Removals from the Term Sheet:
The updated term sheet also saw the removal of certain elements to reduce noise and potential misunderstandings:
- Fixed Rounds: The option for purely fixed-size funding rounds has been removed, reflecting the increasing prevalence of rounds with minimum and maximum targets and rolling closes, particularly in syndicated deals.
- Tranching: While still relevant in specific scenarios like deep tech with milestone-based funding, the explicit inclusion of tranching (releasing investment in stages upon achieving certain conditions) has been removed from the standard term sheet to avoid complexity in more typical deals. It can be added back in when necessary.
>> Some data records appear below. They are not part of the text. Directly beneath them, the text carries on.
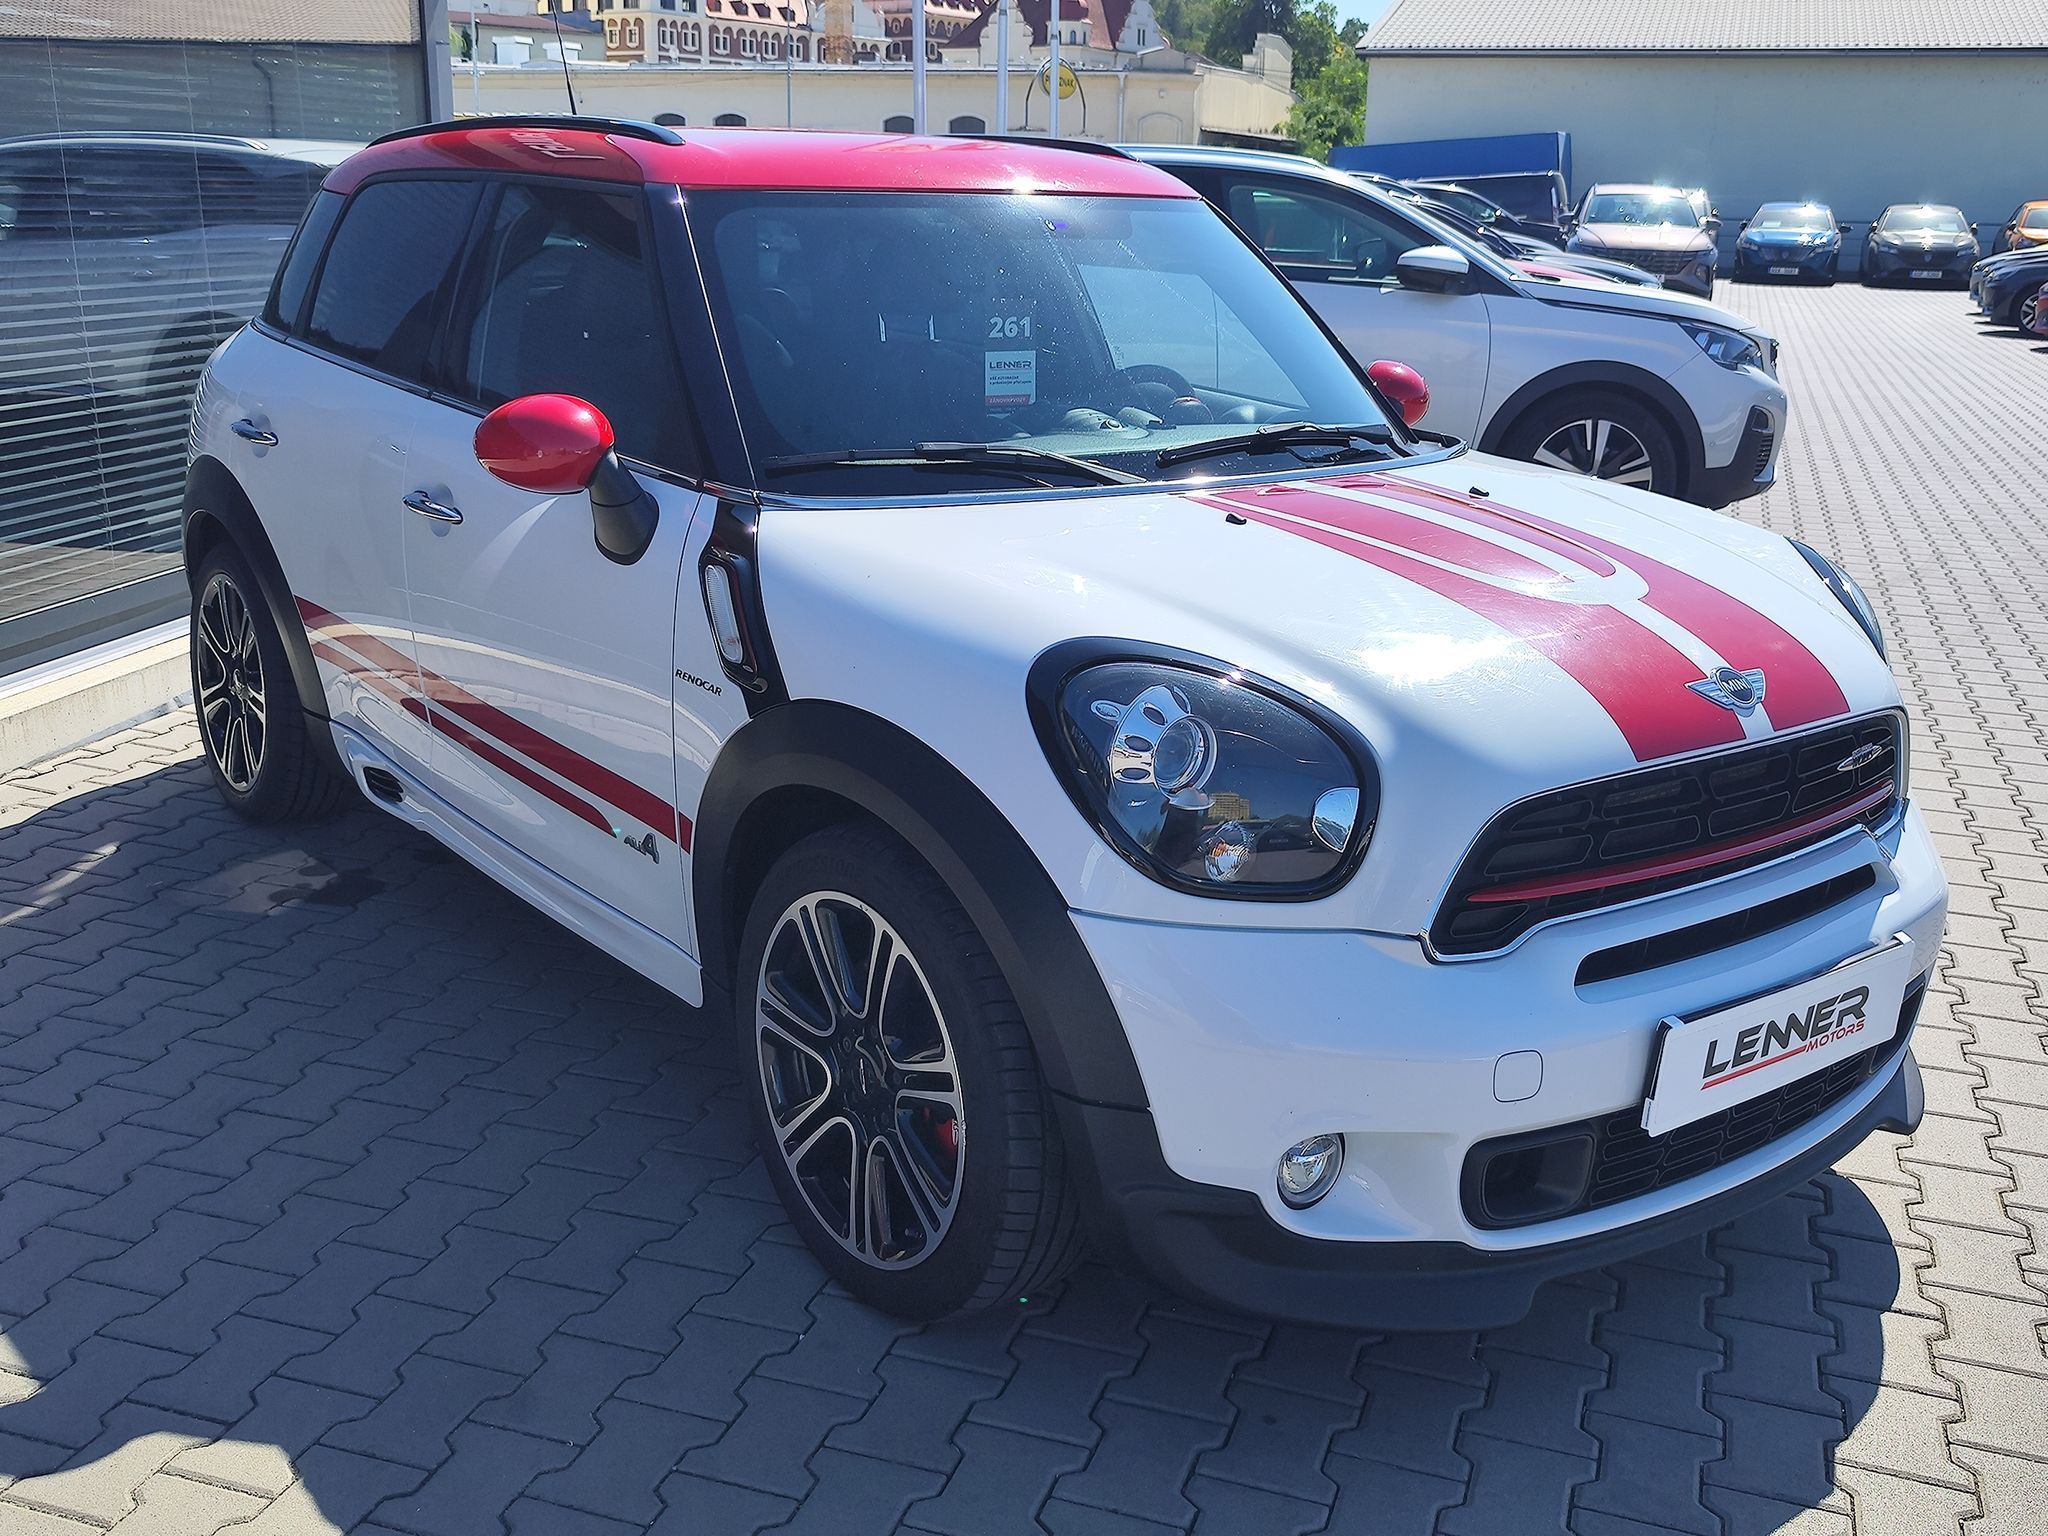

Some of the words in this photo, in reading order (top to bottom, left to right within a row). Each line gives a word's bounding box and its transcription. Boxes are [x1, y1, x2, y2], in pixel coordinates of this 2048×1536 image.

[989, 316, 1030, 338] 261
[989, 360, 1032, 369] LENNER
[675, 668, 722, 697] RENOCAR
[1703, 985, 1870, 1079] LENNER
[1806, 1019, 1865, 1053] MOTORS
- Founder Warranties: Including founder warranties (where founders are personally liable for certain statements about the company) has been removed. While common in jurisdictions with potentially lower trust environments like Australia and Singapore, they are very unusual in the New Zealand context. Their removal reflects the higher-trust nature of the New Zealand ecosystem. It shifts the onus onto investors to specifically negotiate these if desired, rather than it being a starting point.
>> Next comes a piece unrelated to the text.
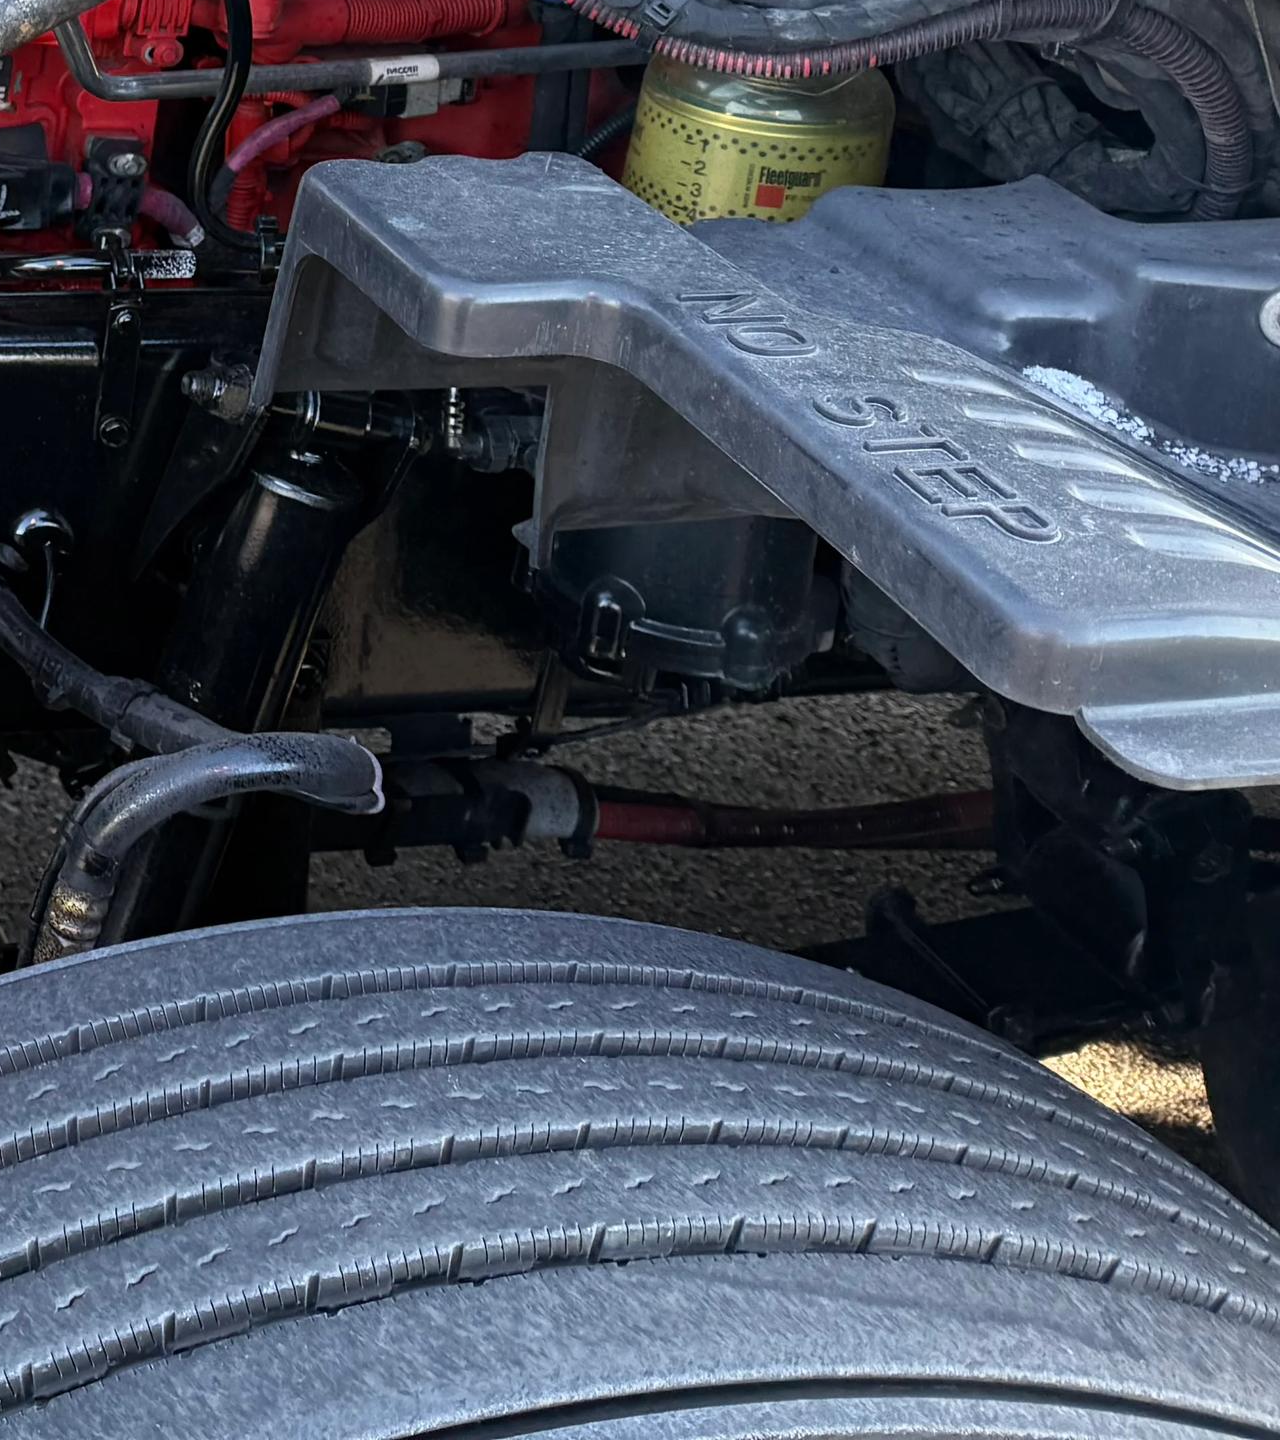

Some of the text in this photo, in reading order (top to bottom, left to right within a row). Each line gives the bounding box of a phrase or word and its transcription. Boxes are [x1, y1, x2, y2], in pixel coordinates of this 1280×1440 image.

[758, 165, 822, 190] Fleetguard
[676, 290, 819, 358] NO
[812, 394, 1063, 544] STEP
Key Takeaways and Future Outlook:
The updated ANZ term sheet reflects the dynamic nature of the angel investment landscape in New Zealand. The changes prioritize flexibility to accommodate syndicated rounds, address the specific needs of fund investors, formalize evolving market practices like sunset clauses, enhance clarity around key terms like liquidation preferences and ESOPs, and raise awareness of relevant legal developments.
The discussion highlighted the importance of understanding the nuances behind these changes and engaging in thoughtful conversations during term sheet negotiations. While the term sheet provides a valuable framework, context remains everything, and the specific terms should always be tailored to the unique circumstances of each investment. The upcoming update to the binding legal documents will further align the ecosystem with these evolved standards, promising a more efficient and transparent investment process for the future. As Bridget from the Angel Association aptly concluded, ongoing education and open dialogue remain crucial for navigating the intricacies of early-stage investing in New Zealand.